Check trail conditions on the Metsähallitus website or the Luontoon.fi app before travelling in shoulder months. Conditions can change within 24 hours after a temperature shift.
Frequently asked questions about Day hikes near Helsinki
Which is the best national park for hiking near Helsinki?
Nuuksio (west, in Espoo) and Sipoonkorpi (east) are the two national parks closest to Helsinki. Nuuksio has better visitor infrastructure, more marked trails, and more organised tour options. Sipoonkorpi is quieter, wilder, and has a notable landmark in the Trolls Trail (Peikkojenpolku). Both are day-trip distance.How long is the Trolls Trail in Sipoonkorpi?
The full Trolls Trail (Peikkojenpolku) is approximately 13 km. Most guided tours cover a 4–6 km highlight section. The trail passes through old-growth forest with large granite boulders and mossy ravines — more dramatic scenery than Nuuksio, but harder to reach by public transit.Is Helsinki Central Park (Keskuspuisto) worth hiking in?
It is a genuine urban forest, 11 km long and 1–3 km wide, running from Töölö through to Vantaa. It has unpaved nature trails, a deer park (Haaga), several small lakes, and a café at Paloheinä. Not wilderness hiking, but a real nature experience within the city that many visitors overlook.What is the best season for day hikes near Helsinki?
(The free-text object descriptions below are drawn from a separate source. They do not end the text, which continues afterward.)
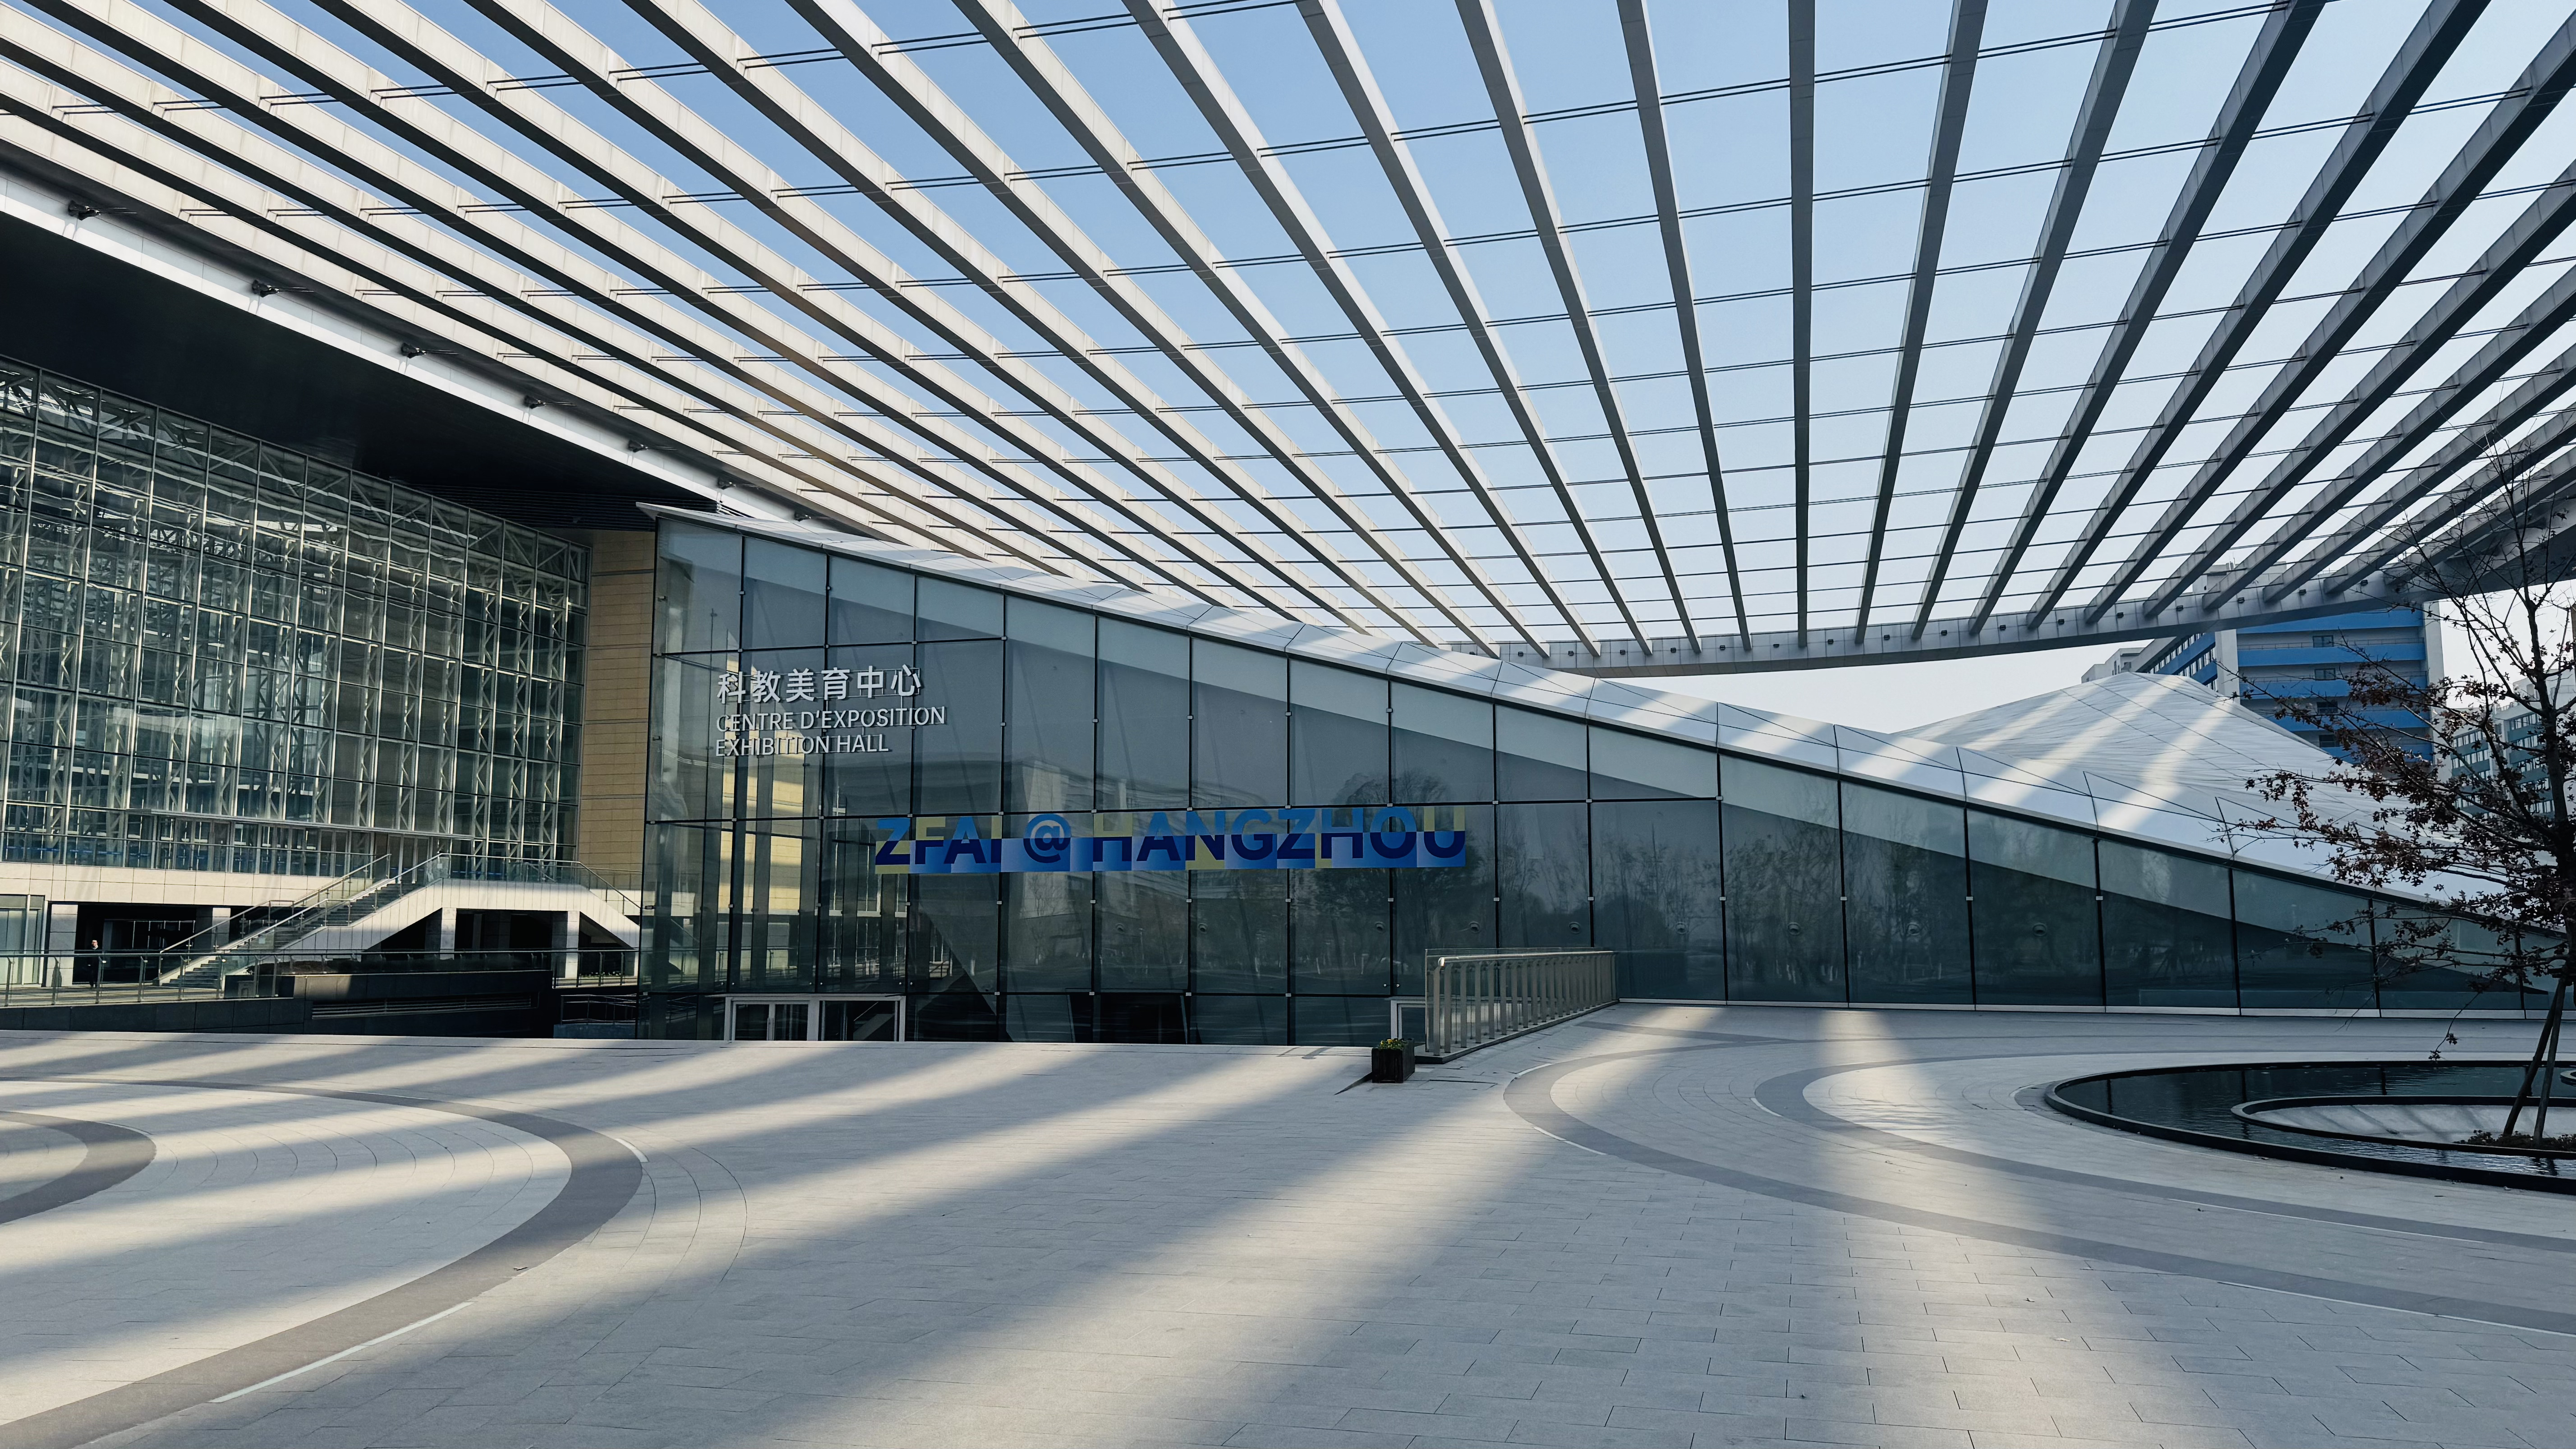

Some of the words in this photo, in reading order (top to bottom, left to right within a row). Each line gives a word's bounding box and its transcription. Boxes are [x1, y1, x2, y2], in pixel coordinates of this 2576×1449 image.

[717, 664, 921, 704] 科教美育中心
[716, 712, 794, 732] CENTRE
[800, 706, 946, 729] D'EXPOSITION
[716, 736, 829, 757] EXHIBITION
[837, 734, 889, 753] HALL
[875, 815, 1002, 865] ZFAI
[1093, 806, 1465, 862] HANGZHOU
Late May through September offers reliable weather and dry trails. June–August is warmest with the longest days; July is peak mosquito season (bring repellent). October has autumn foliage but shorter daylight. November–March: trails are often muddy or icy without specific winter gear; some areas are better for skiing than hiking.Can I hike in Finnish national parks alone?
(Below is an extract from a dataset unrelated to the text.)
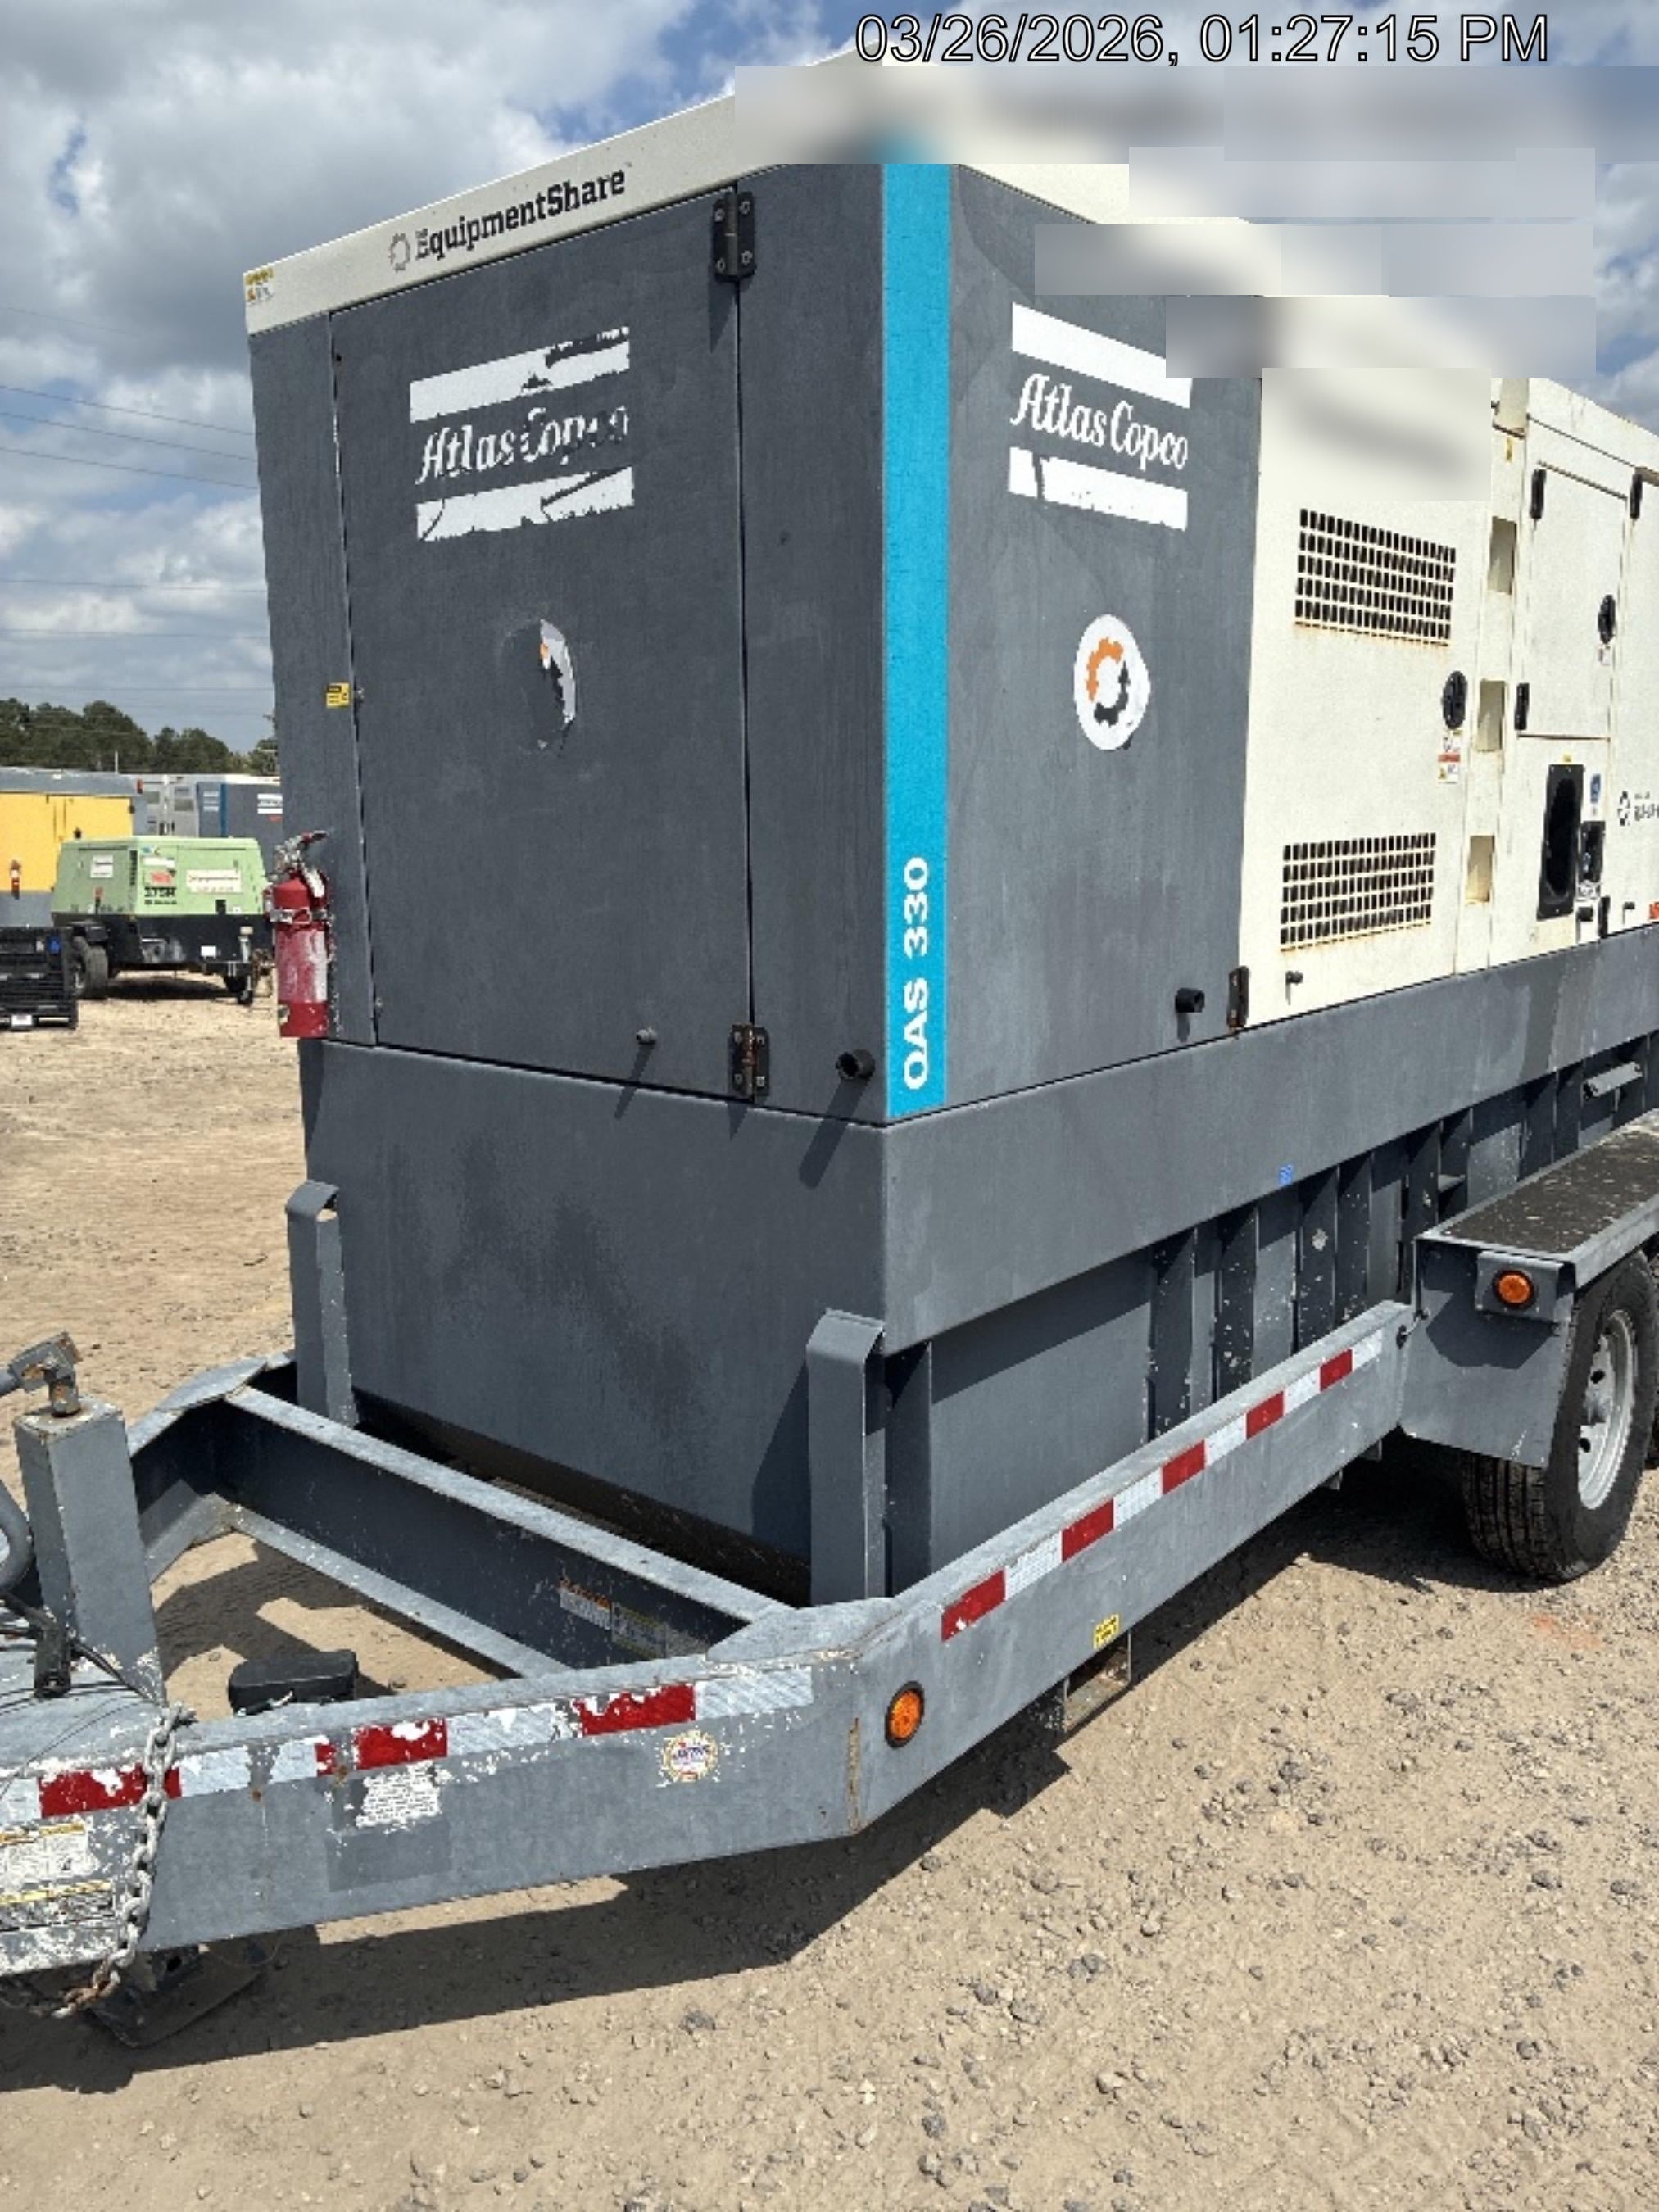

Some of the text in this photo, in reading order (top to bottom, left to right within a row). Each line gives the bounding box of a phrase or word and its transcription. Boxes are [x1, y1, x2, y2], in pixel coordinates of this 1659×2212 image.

[415, 170, 625, 261] EquipmentShare
[904, 857, 927, 1090] OAS 330
Yes. All the parks near Helsinki have well-marked trails, free printed maps at visitor centres, and downloadable GPS routes. Tell someone your plans and expected return time. Mobile coverage varies — download maps offline. The parks are not remote wilderness; you're never more than a few kilometres from a road.Are there guided hiking tours from Helsinki?
Yes — operators run half-day and full-day guided hikes to Nuuksio and Sipoonkorpi from central Helsinki. A guide adds natural history knowledge and handles logistics. Worthwhile if you're new to Finnish forest environments or want the campfire lunch experience that's harder to organise independently.